Courtesy of Creative Commons. Photo by: U.S. Air Force Technical Sgt. Dawn M. Price

Home dental care is one of the most important ways to maintain your pet’s health. Dogs and cats with unchecked gum inflammation may be at higher risk for heart, kidney, and liver disease. And, unfortunately, dental disease is by far the most common major health problem of cats and dogs, making caring for your pet’s teeth just as important as providing him with a well-balanced diet, plenty of fresh, clean water and proper exercise.

 

The best way to avoid the complications that come with gum disease is to establish a dental routine with your pet as early as possible so he or she can become accustomed to the brushing process.

 

Where to start?

The first step is to establish a routine. In an ideal world you would brush your pet’s teeth every day, but if daily is not possible 2-3 times a week is recommended. There are numerous dental care products, pastes, solutions, brushes, chew toys and dental diets that can help you provide your pet with the dental care she deserves. Once you’ve figured out your timeline, buy the necessary supplies, and take things slow.

 

What should I use to brush my pet’s teeth?

The most precise tool you can use is a moistened dog or cat toothbrush with soft bristles. If you do not have a specially designed pet toothbrush, you can also use a child’s toothbrush (adult brushes are too big and rough for most pets), a finger toothbrush, gauze around a finger or a cotton swab.

 

Do I need to use a special toothpaste to brush my dog’s teeth?

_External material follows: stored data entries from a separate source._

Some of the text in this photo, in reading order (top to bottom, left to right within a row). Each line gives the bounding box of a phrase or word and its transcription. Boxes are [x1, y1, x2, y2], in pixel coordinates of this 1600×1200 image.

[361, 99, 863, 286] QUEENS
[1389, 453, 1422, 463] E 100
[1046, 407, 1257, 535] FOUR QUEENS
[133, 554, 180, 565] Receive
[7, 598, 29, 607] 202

Specially formulated pet toothpastes are your best option. They come in many flavors like poultry, malt, mint, vanilla and other pet-friendly varieties. The brand you choose does not matter as much as finding a toothpaste your pet will enjoy. Try a few different flavors and brands to see which one your pet likes best. Give your pet a few tastes so she can enjoy the flavor before you actually start using it with the toothbrush. Never use human toothpaste, baking soda or salt. While safe for humans, these cleaning agents can be harmful to your pet if swallowed.

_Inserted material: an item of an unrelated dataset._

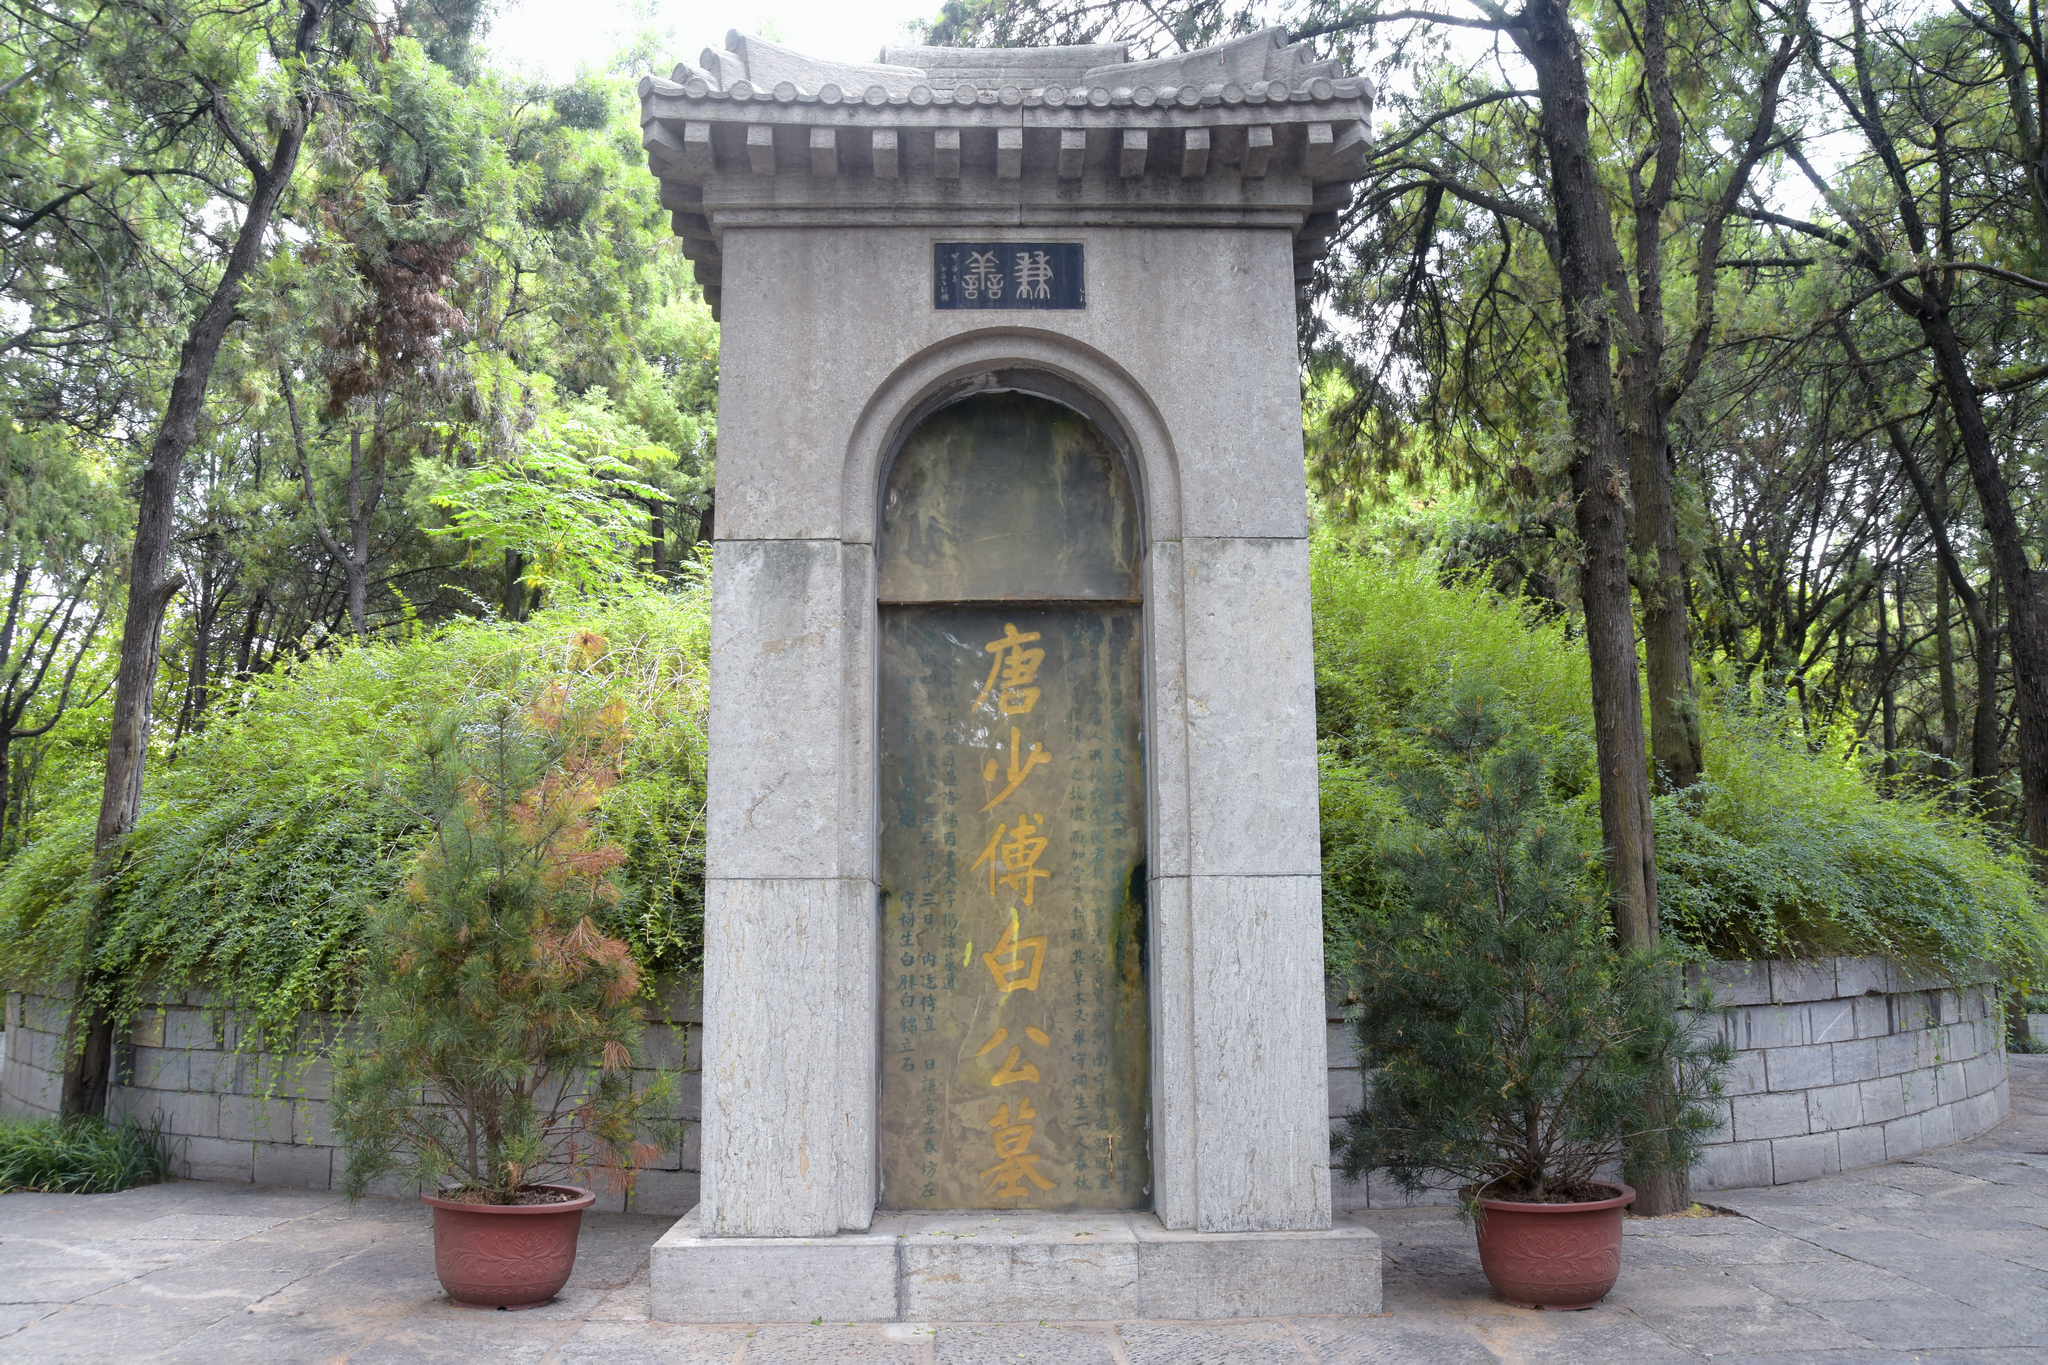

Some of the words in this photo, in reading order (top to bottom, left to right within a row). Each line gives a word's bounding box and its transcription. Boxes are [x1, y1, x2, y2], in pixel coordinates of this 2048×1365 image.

[969, 622, 1057, 1199] 唐少傅白公墓

Some common ingredients in pet toothpaste to be on the lookout for:

Silica – Abrasives like silica are effective at scraping tartar away from the tooth’s surface.

Enzymes – Proteins that work to reduce bacteria in your pet’s mouth (which also helps keep bad breath at bay).

Emulsifiers – Salts that help control tartar build-up

Sorbitol – A sweetener for taste that is added to some commercial toothpastes (not to be confused with Xylitol, which is also a natural sweetener, but is toxic to dogs).

 

More helpful tips:

  • Find a comfortable place for your pet to sit during the tooth-brushing session, like your lap or a favorite resting spot.
  • Lift the lip to expose the outside surfaces of your pet’s gums and teeth.
  • Brush with gentle motions to clean the teeth and gums. Aim for at least 30 seconds of brushing, but follow your pet’s lead, if you can only get a few teeth the first time praise your pet and try for longer next time.
  • Focus on the outside (cheek-facing) surfaces, as most pets will not allow you to brush on the inside surfaces.
  • Don’t forget the back upper molars and canines, as these teeth tend to build up tartar quickly.
  • Reward your pet with a treat, petting, play or a favorite activity to positively reinforce the brushing process.